EXERCISE GOAL | Every record is to be duplicated exactly as it reads, without its images.

(Beginning of STORED DATA)

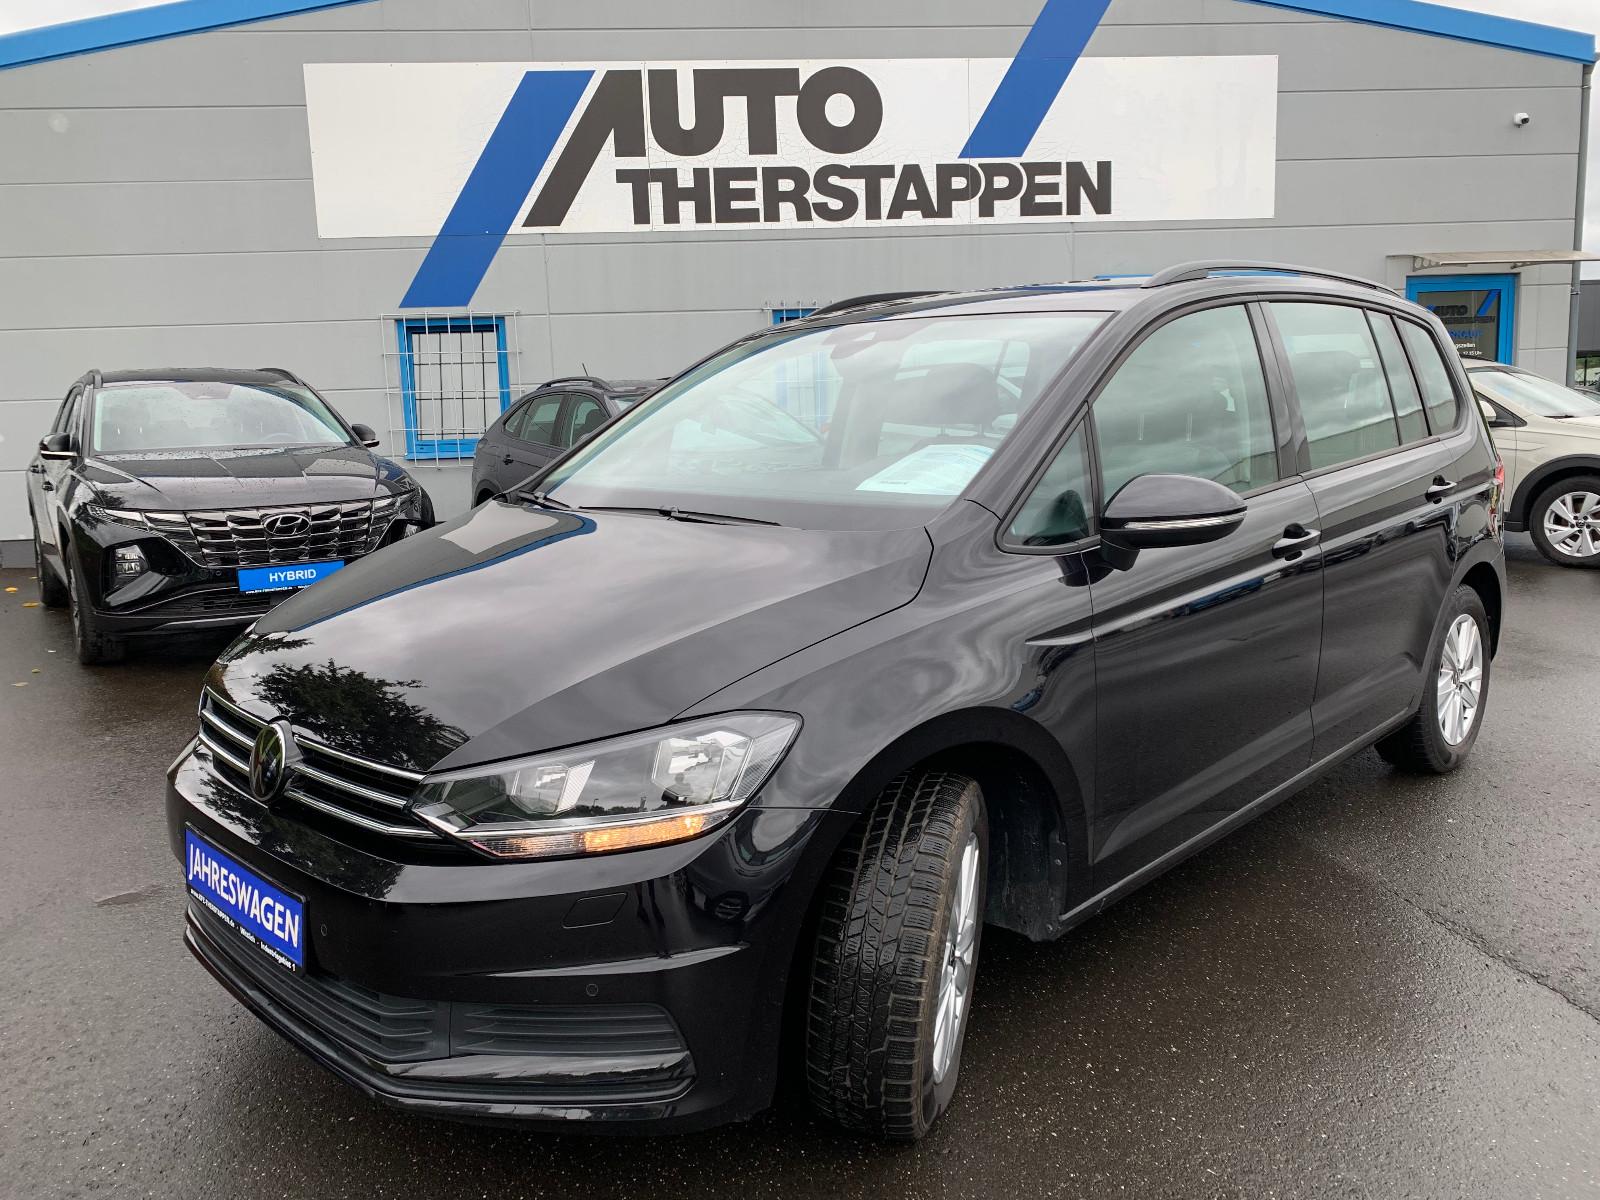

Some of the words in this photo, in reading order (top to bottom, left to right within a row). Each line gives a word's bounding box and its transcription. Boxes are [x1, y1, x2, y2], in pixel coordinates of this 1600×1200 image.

[522, 66, 883, 227] AUTO
[615, 160, 1112, 225] THERSTAPPEN
[269, 569, 317, 582] HYBRID
[188, 843, 299, 949] JAHRESWAGEN
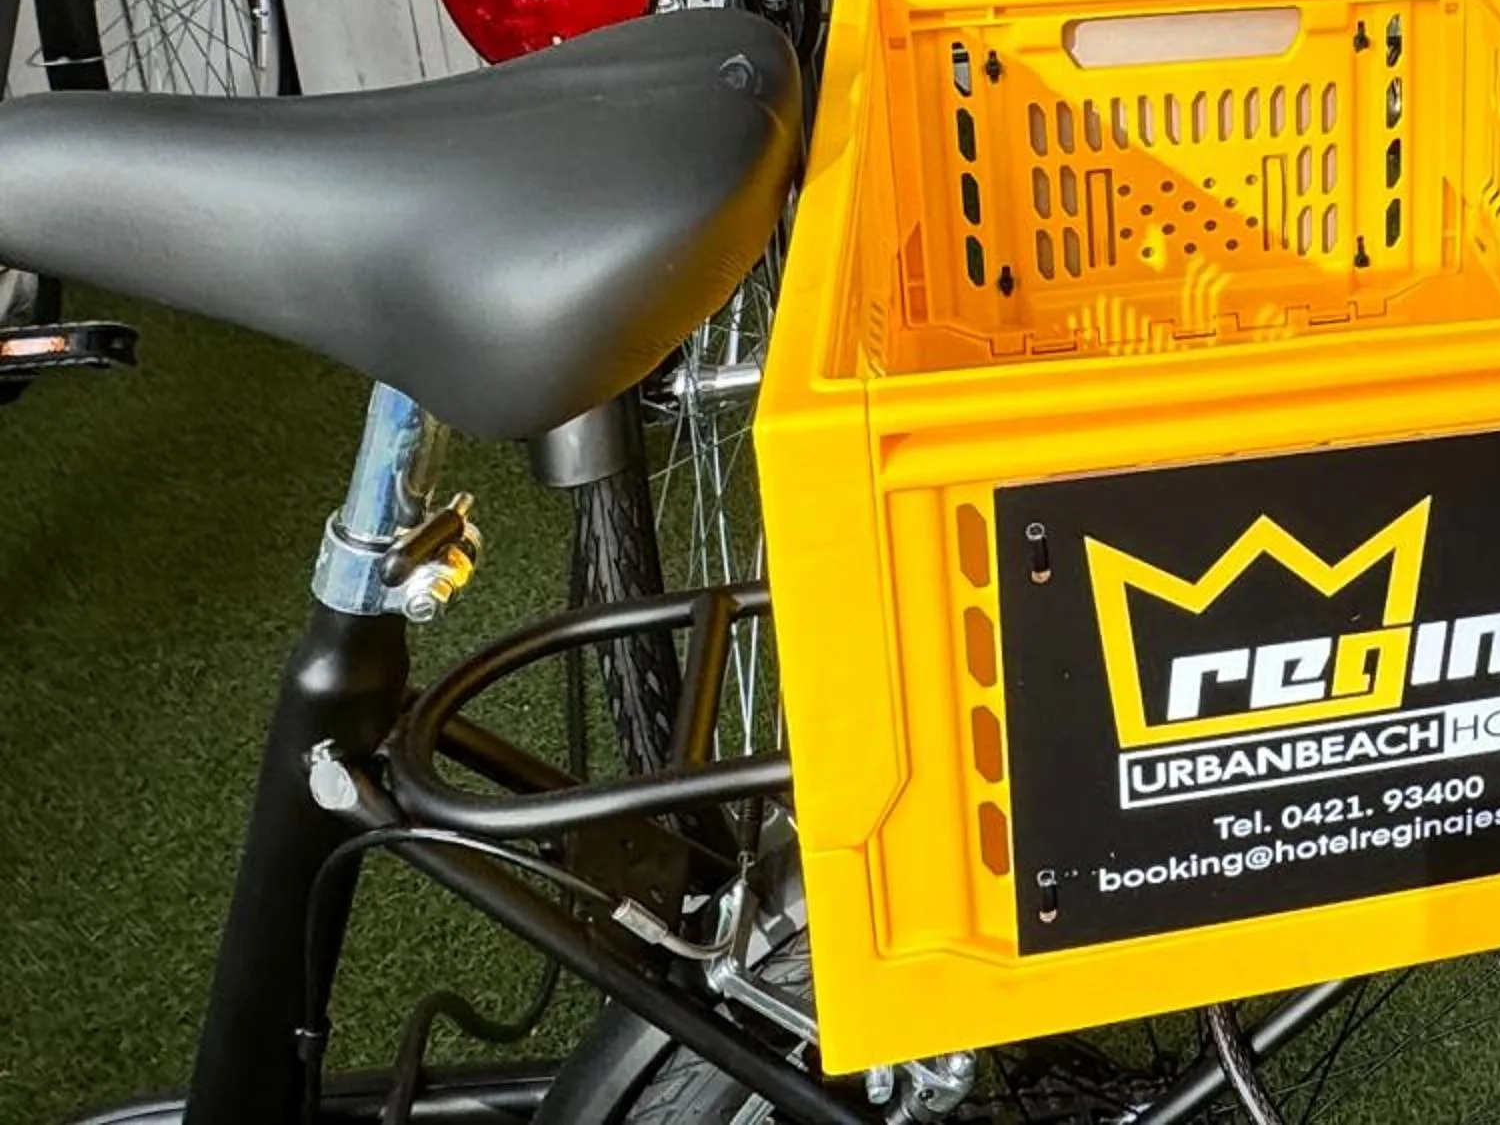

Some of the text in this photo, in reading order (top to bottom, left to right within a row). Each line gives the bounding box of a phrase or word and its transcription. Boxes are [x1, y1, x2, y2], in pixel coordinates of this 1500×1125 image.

(End of STORED DATA)

RESULT OF THIS TASK |
Some of the words in this photo, in reading order (top to bottom, left to right within a row). Each line gives a word's bounding box and its transcription. Boxes are [x1, y1, x2, y2], in pixel coordinates of this 1600×1200 image.

[522, 66, 883, 227] AUTO
[615, 160, 1112, 225] THERSTAPPEN
[269, 569, 317, 582] HYBRID
[188, 843, 299, 949] JAHRESWAGEN

Some of the text in this photo, in reading order (top to bottom, left to right within a row). Each line gives the bounding box of a phrase or word and its transcription. Boxes are [x1, y1, x2, y2], in pixel coordinates of this 1500×1125 image.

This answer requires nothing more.